When Celina Valencia began her application process to the University of Arizona, she went to her Sunnyside High School counselor for an endorsement. Should be a cinch, she thought, since she had taken advanced courses and earned credits at Pima Community College.
Not so.
“She told me ‘for people like you it’s a waste of money to go the UA,’” Valencia recalled. The counselor added a few more words that struck Valencia like a dagger in her back: “You’re just gonna drop out.”
How many times have students, from ethnic minority families, heard condescending, insulting words like those uttered by Valencia’s high school adviser? How many young people, eager to advance, have had to face denigration from people supposedly in their corner?
Too many.
Valencia said she persisted, asking the counselor to sign off on her college application. The counselor relented, she said, and Valencia went off to the UA.
That was 17 years ago.
In May, the Nogales native, clad in a salmon pink hood and dark blue gown, walked across the Centennial Hall stage to receive her degree: a doctorate in public health management and policy.
The degree, the one that her counselor predicted would be a waste of money and time, did not come easy, however. After she began her graduate work in August 2013, her partner and father to their son died. And after her partner passed away, Valencia and her son were homeless for about 18 months, as she moved from “couch to couch,” all the while pursuing her degree and caring for her son.
Her drive to complete her degree left her principal adviser and grad school mentor in awe.
“Little did I know the adversity she was undergoing and overcoming with such resilience during her tenure; especially in an academic program that demands so much energy and is very challenging at times,” Dr. Cecilia Rosales, associate dean and professor at the University of Arizona Mel and Enid Zuckerman College of Public Health, Phoenix Campus, wrote to me in an email.
This resolve, these ganas, Valencia attributes to her borderlands’ upbringing. She grew up in Ambos Nogales, on both sides of the line, overcoming barriers and borders. There were language hurdles and financial ones. When she was young, her father, a veteran of the Vietnam War, was diagnosed with cancer related to Agent Orange, the defoliant chemical that the United States freely used in South Vietnam.
Despite the challenges in her youth, Valencia lived within the comfort of a deep culture that focused on tight-knit family bonds. In the frontera way of life, Valencia found strength and developed her inner moxie that would, unknown to her at the time, take her beyond what she or anyone could have imagined then.

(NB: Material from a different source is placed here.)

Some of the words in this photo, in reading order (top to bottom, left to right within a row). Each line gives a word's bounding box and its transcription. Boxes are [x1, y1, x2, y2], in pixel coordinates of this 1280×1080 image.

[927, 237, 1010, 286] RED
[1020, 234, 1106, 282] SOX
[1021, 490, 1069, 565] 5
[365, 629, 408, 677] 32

When she faced uncertainty and a possible end to her academic goal, Valencia would have none of it. She clearly saw the promise of a better life for herself and her son with her graduate degree financed by student loans, work, fellowships and scholarships.

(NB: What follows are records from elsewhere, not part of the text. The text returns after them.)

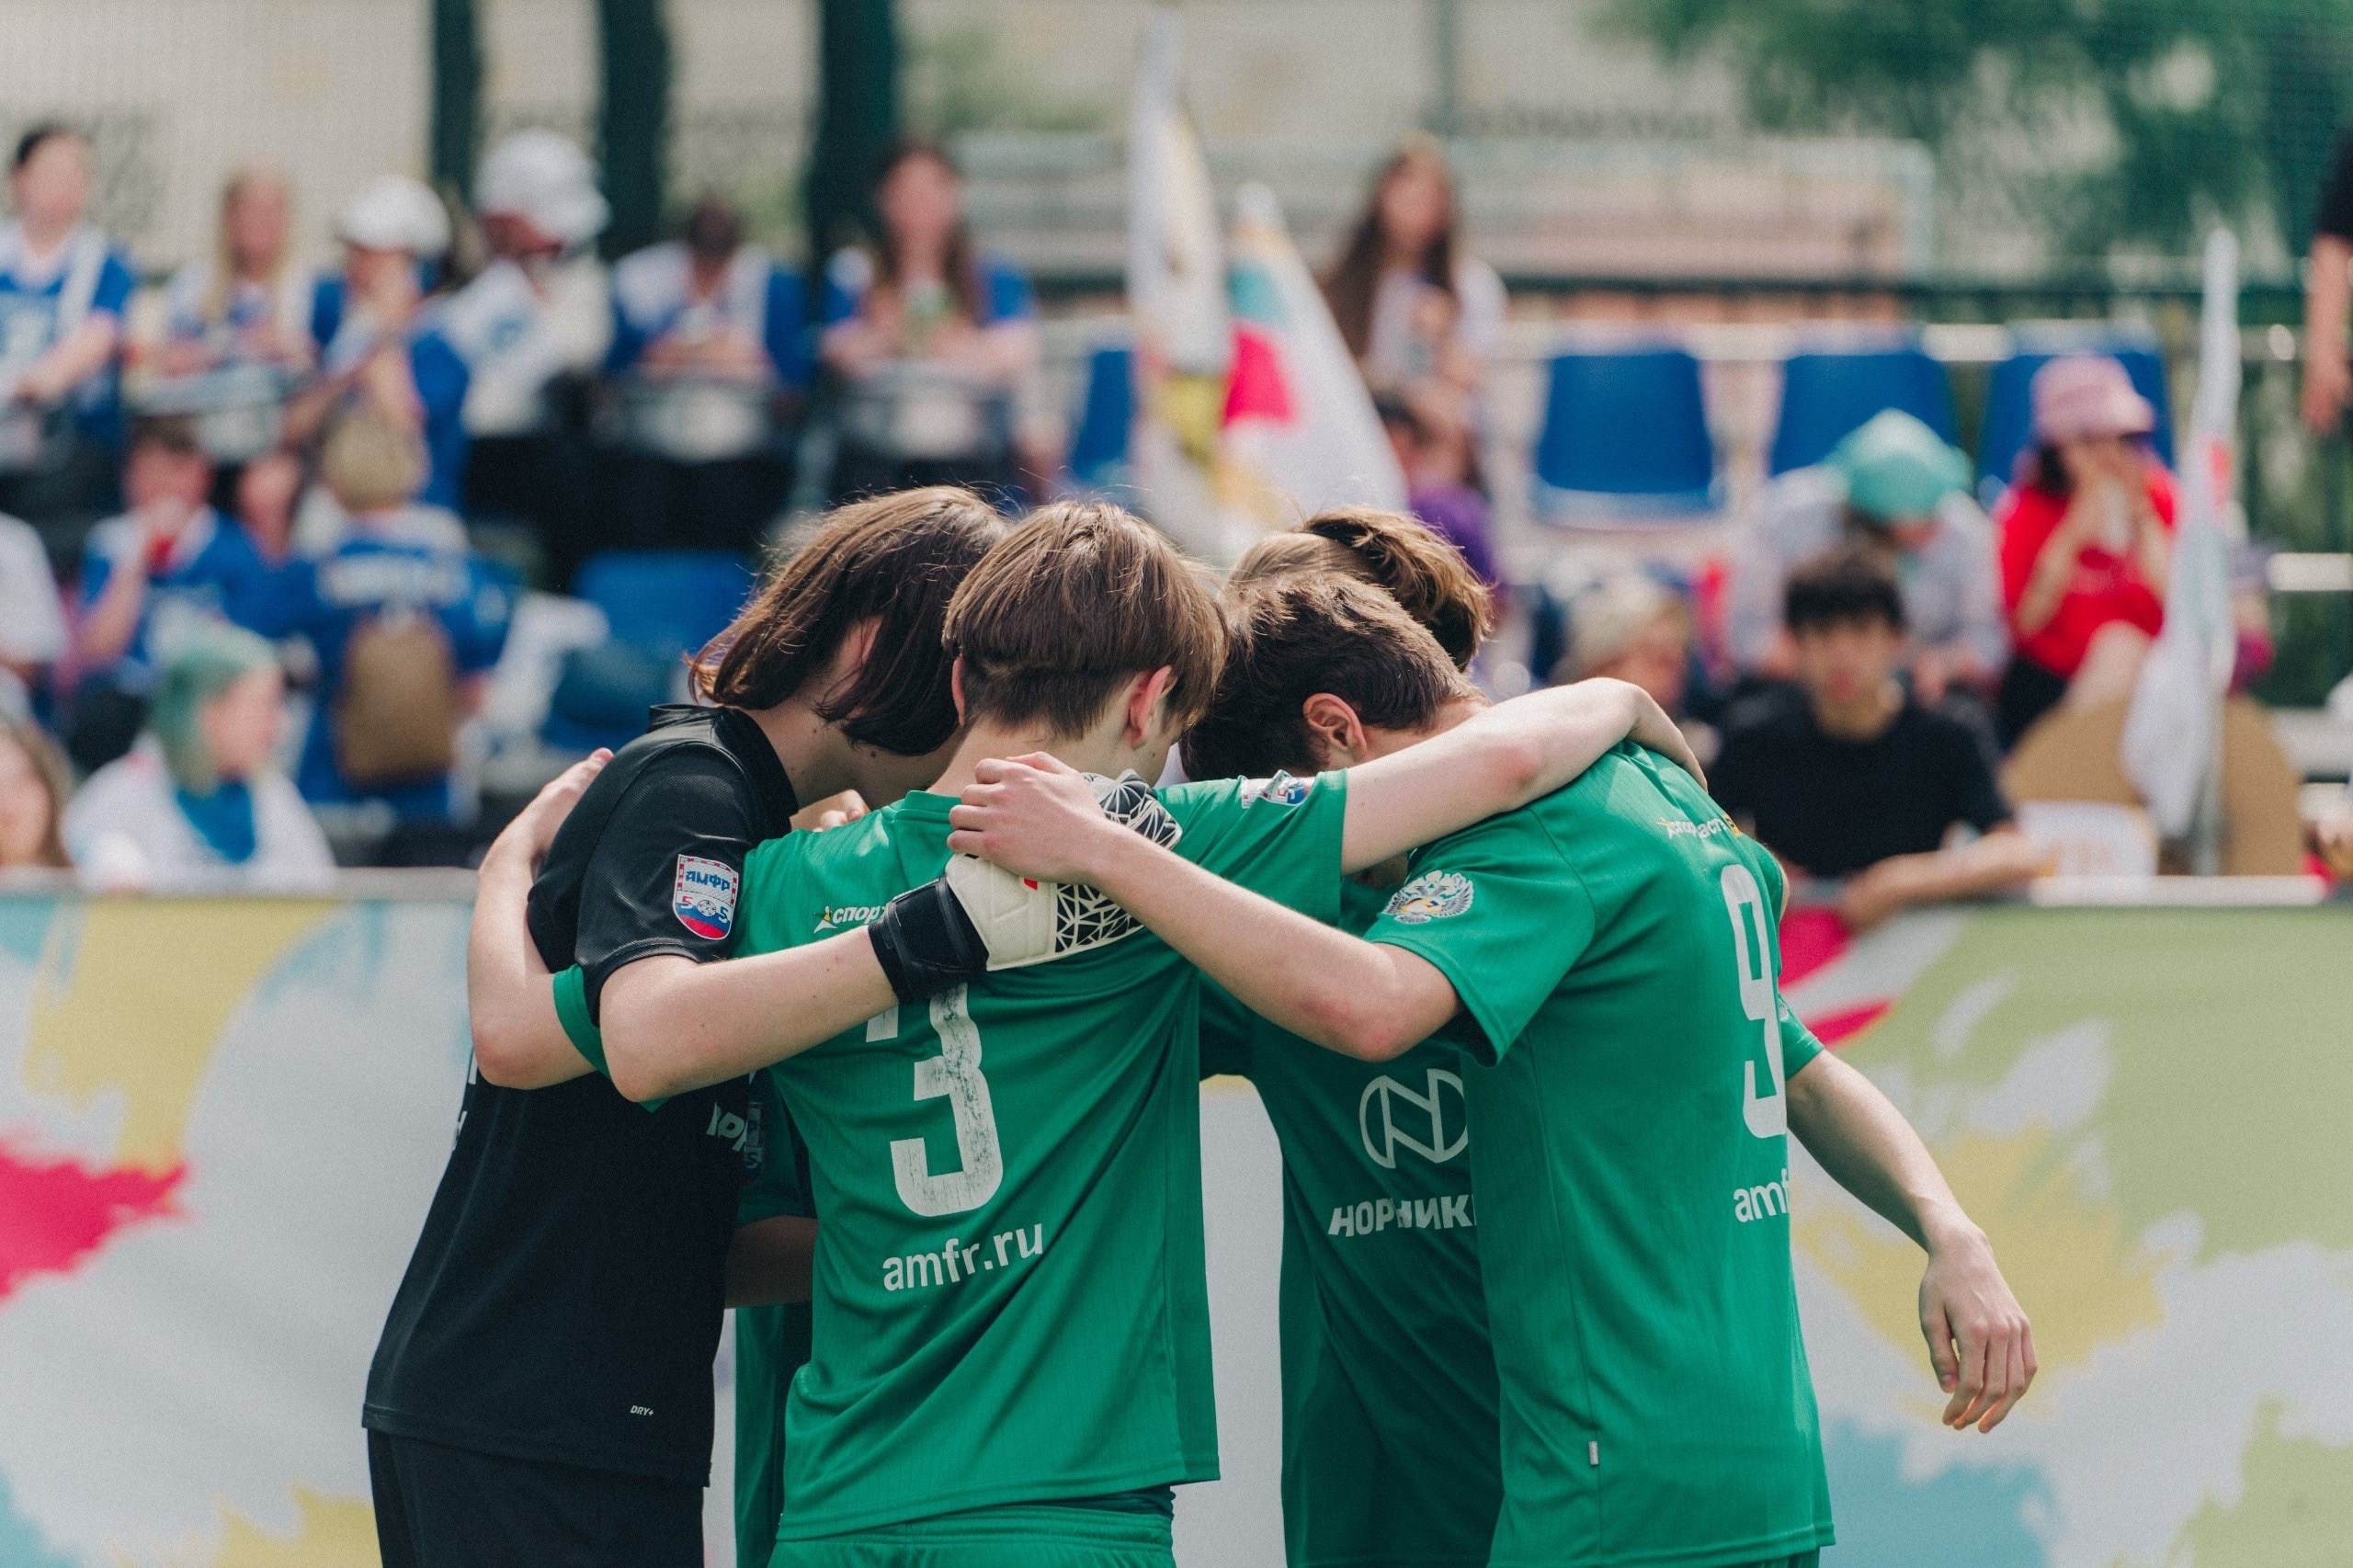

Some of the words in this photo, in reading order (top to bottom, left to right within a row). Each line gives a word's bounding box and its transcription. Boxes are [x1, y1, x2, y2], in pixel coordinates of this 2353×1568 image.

[685, 870, 731, 892] АМФР
[1720, 864, 1786, 1139] 9
[865, 982, 1004, 1217] 3
[882, 1223, 1044, 1291] amfr.ru
[630, 1404, 654, 1416] DRY+

“My momma bear kicked in. I had to provide for him,” said Valencia, 34, a 2017 Clinton Global Initiative Fellow in Public Health and Infectious Disease.
“Quitting was not an option.”
She also had academic guardian angels who kept her focused and rallied support. One of them was Maria Teresa Velez, who was associate dean of the UA’s Graduate College, who died in 2016. It was Velez who grabbed hold of Valencia and told her to apply for graduate school. Two other angels were Paloma Beamer, an associate professor in the College of Public Health, and Andrea Romero, a UA professor in Family Studies and Human Development.
At any time during her academic quest you could have understood had she chosen to give up school.
Like when her father died in 2012. It was a blow, but his death began to spur on her interest in public health, specifically epidemiology.
“I saw the world in a whole other way,” she said in an interview early last week.
And certainly no one would have questioned her had she dropped out of her graduate program in 2014 after her partner died of Lou Gehrig’s disease, which left her and her 1-year-old son without a home and relying on the generosity of family and friends.
With a friend’s help, after she began working, she found an apartment, diminishing much of her stress.
Valencia and her son will soon relocate to Phoenix, where she’ll continue her work on a postdoctoral fellowship with the UA’s College of Public Health. Academia awaits her.
But also awaiting her are the young Latina students, who, like her, were told not to bother thinking about college. She sees herself in them, fighting self-doubt and insecurities about their capabilities. Valencia will tell them her story and help them tear down their barriers.
“I want to be the Chicana professor that other students of color can see that they can do it, too,” Valencia said.